But even if he got over this obstacle, there was another waiting for him
in the background. The lady at the Villa, had heard of his contemplated
marriage. A superb woman, Mr. Blake, of the sort that are not to be
trifled with--the sort with the light complexion and the Roman nose.
She felt the utmost contempt for Mr. Godfrey Ablewhite. It would be
silent contempt, if he made a handsome provision for her. Otherwise,
it would be contempt with a tongue to it. Miss Verinder’s life interest
allowed him no more hope of raising the “provision” than of raising the
twenty thousand pounds. He couldn’t marry--he really couldn’t marry,
under all the circumstances.

How he tried his luck again with another lady, and how THAT marriage
also broke down on the question of money, you know already. You
also know of the legacy of five thousand pounds, left to him shortly
afterwards, by one of those many admirers among the soft sex whose good
graces this fascinating man had contrived to win. That legacy (as the
event has proved) led him to his death.

I have ascertained that when he went abroad, on getting his five
thousand pounds, he went to Amsterdam. There he made all the necessary
arrangements for having the Diamond cut into separate stones. He came
back (in disguise), and redeemed the Moonstone, on the appointed day.
A few days were allowed to elapse (as a precaution agreed to by both
parties) before the jewel was actually taken out of the bank. If he had
got safe with it to Amsterdam, there would have been just time between
July ‘forty-nine, and February ‘fifty (when the young gentleman came of
age) to cut the Diamond, and to make a marketable commodity (polished or
unpolished) of the separate stones. Judge from this, what motives he
had to run the risk which he actually ran. It was “neck or nothing” with
him--if ever it was “neck or nothing” with a man yet.

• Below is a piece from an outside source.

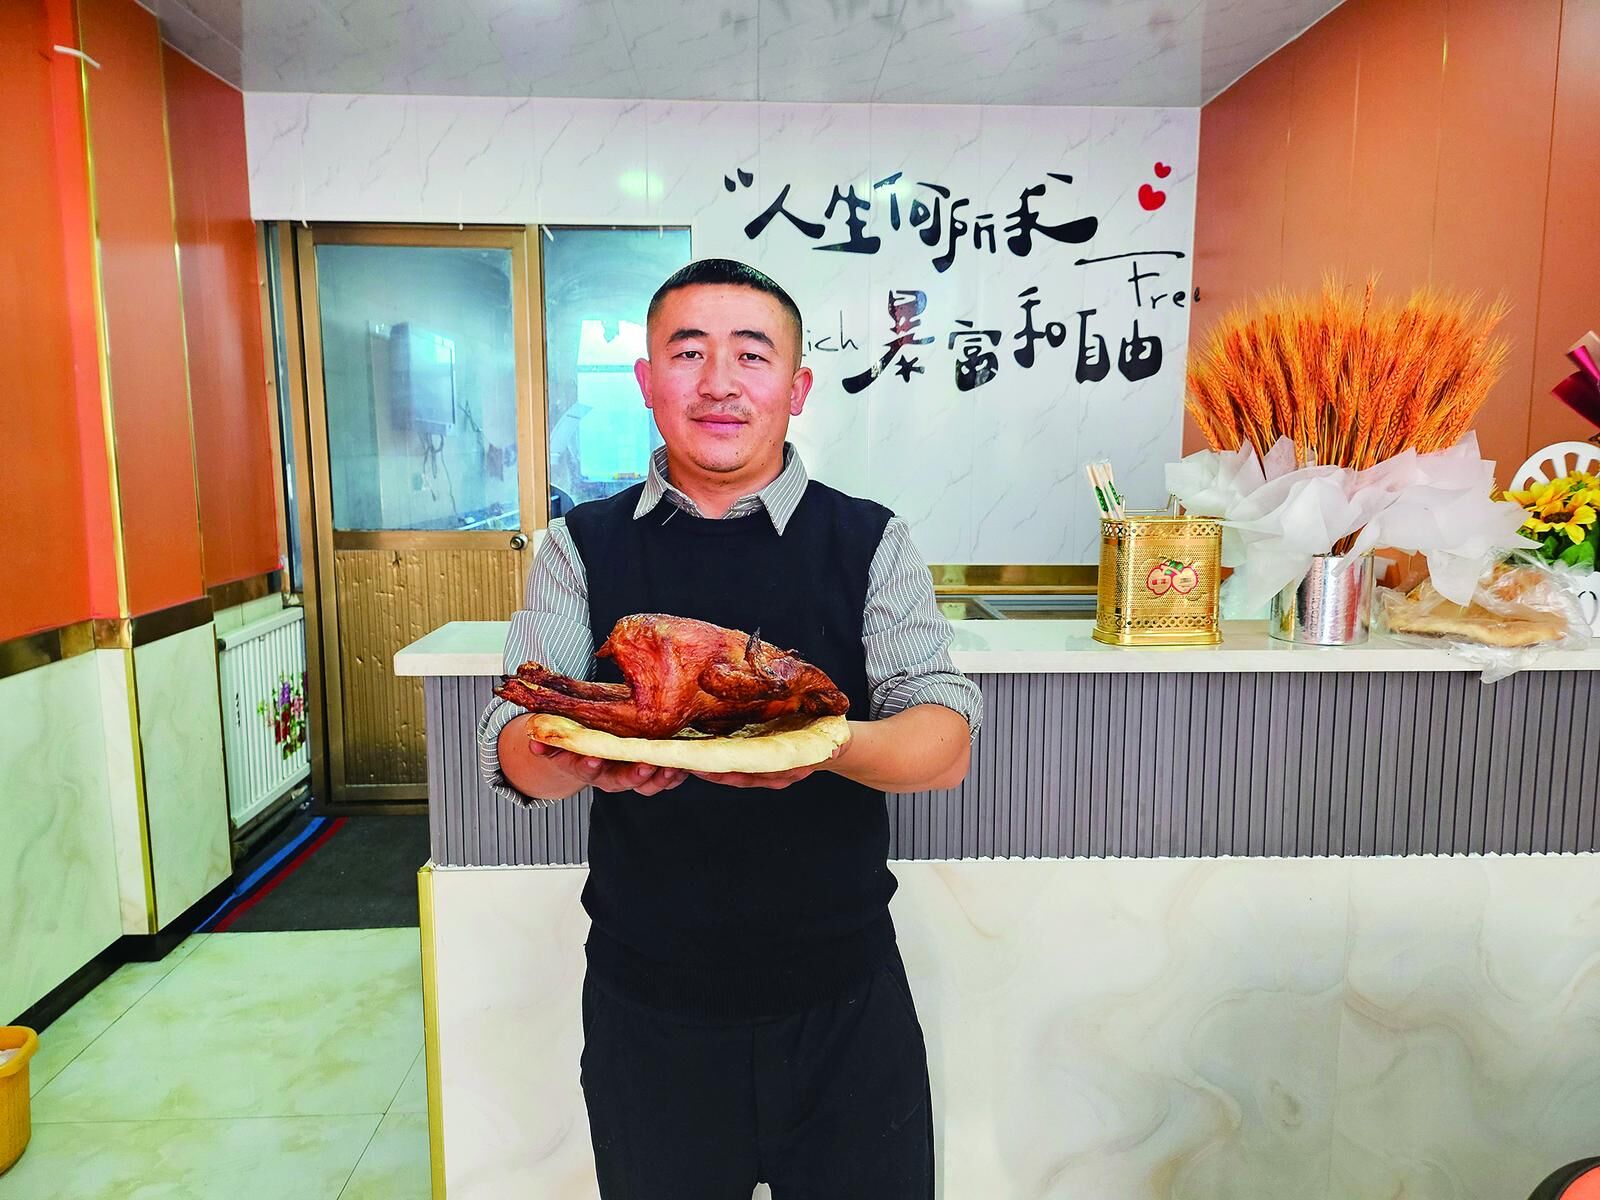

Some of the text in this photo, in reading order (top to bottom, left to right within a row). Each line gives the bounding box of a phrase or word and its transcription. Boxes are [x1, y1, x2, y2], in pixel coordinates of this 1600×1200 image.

I have only to remind you, before closing this Report, that there is a
chance of laying hands on the Indians, and of recovering the Moonstone
yet. They are now (there is every reason to believe) on their passage to
Bombay, in an East Indiaman. The ship (barring accidents) will touch
at no other port on her way out; and the authorities at Bombay (already
communicated with by letter, overland) will be prepared to board the
vessel, the moment she enters the harbour.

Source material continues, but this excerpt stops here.